Murder & Loathing in Dallas

Fair warning. This is going to be a long post. I've tried to break it up into smaller pieces, but somehow the story just makes sense in its full glory as one post. So grab a coffee (or whatever life juice you prefer), sit back, and relax.

I recently spent 8 hours in the Dallas-Ft. Worth International Airport delayed because my plane broke down. That's not an exaggeration. All flight control tests failed just as we were about to take off. Thank G-d the plane had the foresight to break down on the ground. 

When you're delayed for so long, trapped in a terminal the size of your apartment, inevitably people get to know each other. I sat down next to a beast of a man, mainly because it was the only seat available at the gate. I'm no shrinking violet, but even with my 5'8"-ness, he towered over me, spilling over into my seat. 

The man's name was Tom, and he was desperate to get on the this flight. You see, he was traveling from Dallas to Tucson, AZ  (via LA) to see his wife. In fact, he lives in Tucson, but works in the Dallas area overseeing truckers for a transport company. Every four months he gets to head home to spend one week with his wife, before heading back to Dallas for another four months. 

He was supposed to meet his wife at a couples resort near Tucson, but because he was delayed, it looked more and more like he’d be missing his connecting flight in LA, and therefore missing most of the weekend with his wife. In fact, given the 8hr delay, he actually missed three connecting flights, leaving him overnight in LA. Needless to say, he was pissed. 

In between yelling at the helpless gate agent and munching on the free snacks provided by the helpless airline, Tom told me the following story: 

His parents divorced when he was young. His father remarried and had three more sons with the new wife. Tom's new stepmother pissed away the little money the family had on coke (not the soft drink kind). Tom hated her, hated his father for marrying her, and hated his half-brothers for existing at all. Tom's hate reached a crescendo at some point. He to kill one of the brothers when they were kids. That's right, attempted murder. 

The boys were playing with dirt bikes on ramps. My new friend decided it would be a good idea to move one of the ramps out of the way just as his youngest stepbrother’s bike hit that ramp. He wanted him dead. The bike and the brother flew into the air together, and landed to everyone’s horror with a loud thud on the dirt road. Gravity worked. The bike split apart in total loss; the brother was lucky and survived. Strike one against life, Tom lamented to me. 

As Tom grew into a strapping young hulk of a man, he joined the air force. Stationed in CO, Tom dreamed of owning a mustang. The muscle car embodied everything Tom thought life should be. Against personal reservations, Tom sent his army pay back home, entrusting his stepmother to deposit the funds for him in a savings account at the local bank. He carefully kept a ledger, recording all deposits and tracking the balance. The car would soon be his. 

When his next leave came, Tom rushed to the bank to retrieve his funds from his hometown's local bank.

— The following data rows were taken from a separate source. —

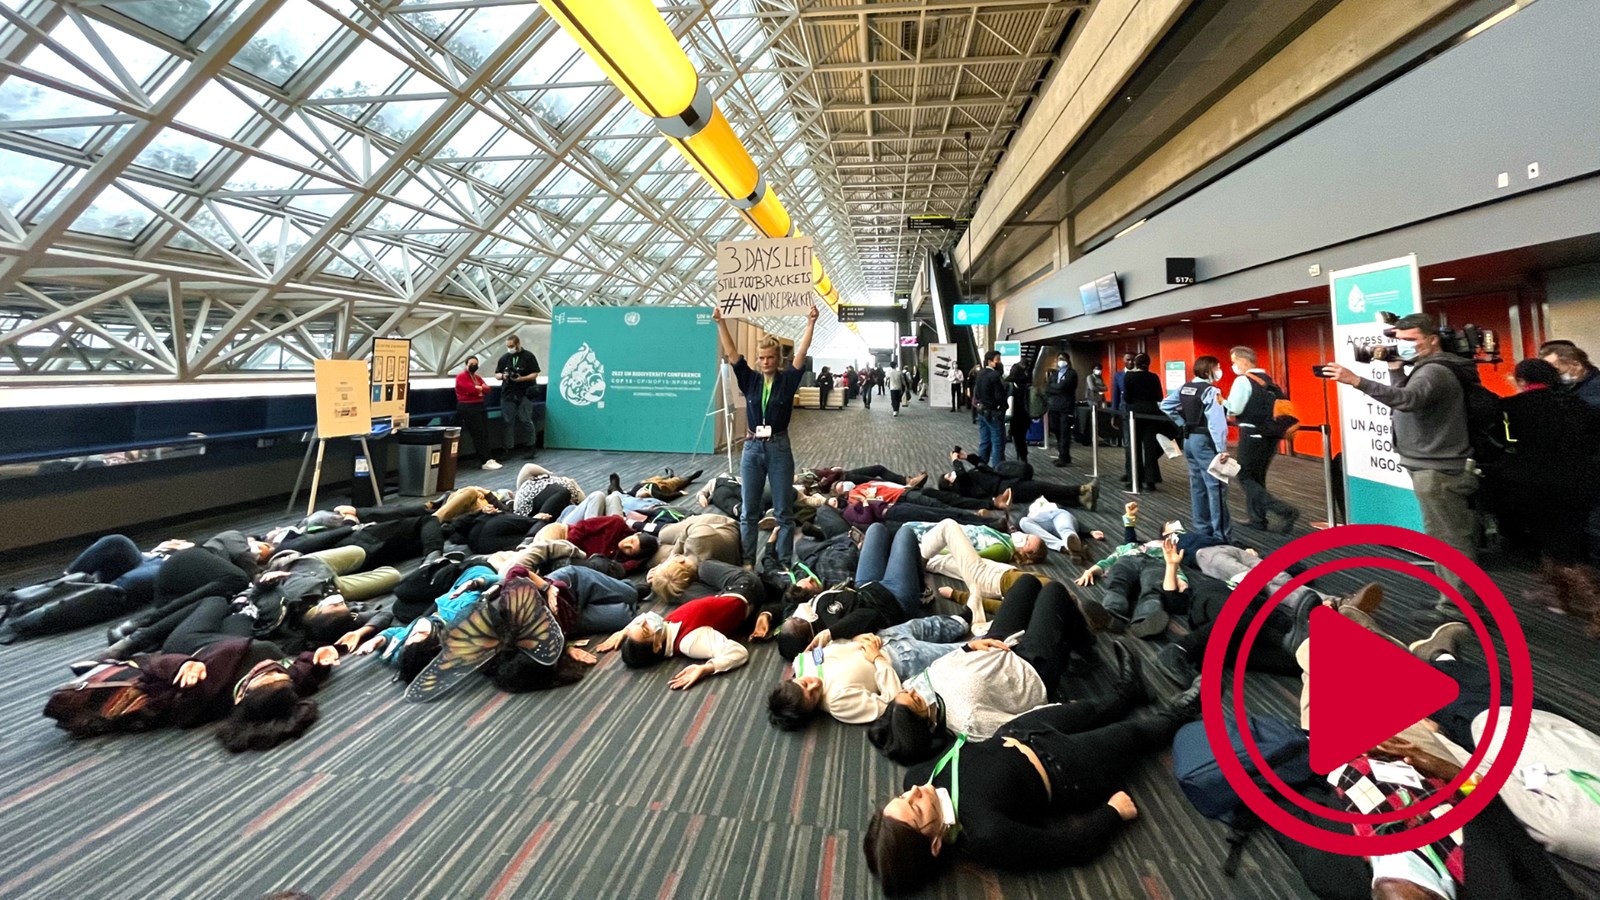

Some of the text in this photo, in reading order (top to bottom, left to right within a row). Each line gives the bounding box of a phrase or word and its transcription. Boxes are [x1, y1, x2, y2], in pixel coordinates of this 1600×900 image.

[723, 246, 813, 275] 3 DAYS LEFT
[717, 278, 737, 292] STILL
[755, 272, 812, 290] BRACKETS
[1371, 368, 1387, 380] for
[1376, 405, 1388, 416] to
[1350, 418, 1366, 431] UN
[1371, 438, 1393, 452] IGO
[1370, 455, 1403, 473] NGOs

And, here where strike two against life happens. At the bank, Tom was told that he has a princely sum of $25 left to his name, the minimum number required to keep the savings account active. As you can imagine, the stepmother quietly spent his money on coke, withdrawing all but the minimum. This is approximately the point where he resolved to kill his stepmother. 

Tom storms the house where the stepmother and his dad live, demanding the money. With no money forthcoming, he demands their car, a classic muscle car in mint condition. Not a mustang, but better than nothing nonetheless. After a tumultuous night where he takes turns threatening everyone but the dog, the father finally agrees. My trusting friend goes back to CO to serve our country with no car, but a bagful of promises that title will be transferred soon. Perhaps, my new friend should have clarified what "soon" means.

A few weeks after the car debacle, Tom finds out that his stepmother sold the promised car to cover some bills, legal and illegal. He is livid at the injustice of being sidestepped by this woman twice. On his second leave, Tom get wise to the world. There is a second family car that's up for grabs. And, who needs legal formalities, when your name is the same as your father's and neither of you use Sr. or Jr. to identify? So, on the last night of his leave, he simply steals this car and heads back to the army base in CO. 

Tom feels justified. He is the rightful owner of this vehicle, having missed out on two others. So when the 8 state troopers finally catch up to him along a remote, unidentified highway and the police helicopter pulls its spotlight away from the overhead, my new handcuffed friend vehemently lays claim to the vehicle he so rightfully owns. He ever so loudly explains that his stepmother should be arrested for theft and slander, and don’t you cops have something better to do than prevent an army man from defending his own country?

It seems the police officers agree. Indeed they have something better to do than go to family court, or maybe they thought better of getting entangled with this Norman Rockwell family. Or, maybe it was just really late that night. My friend Tom was granted a three police-car escort back to the army base. Safe & sound.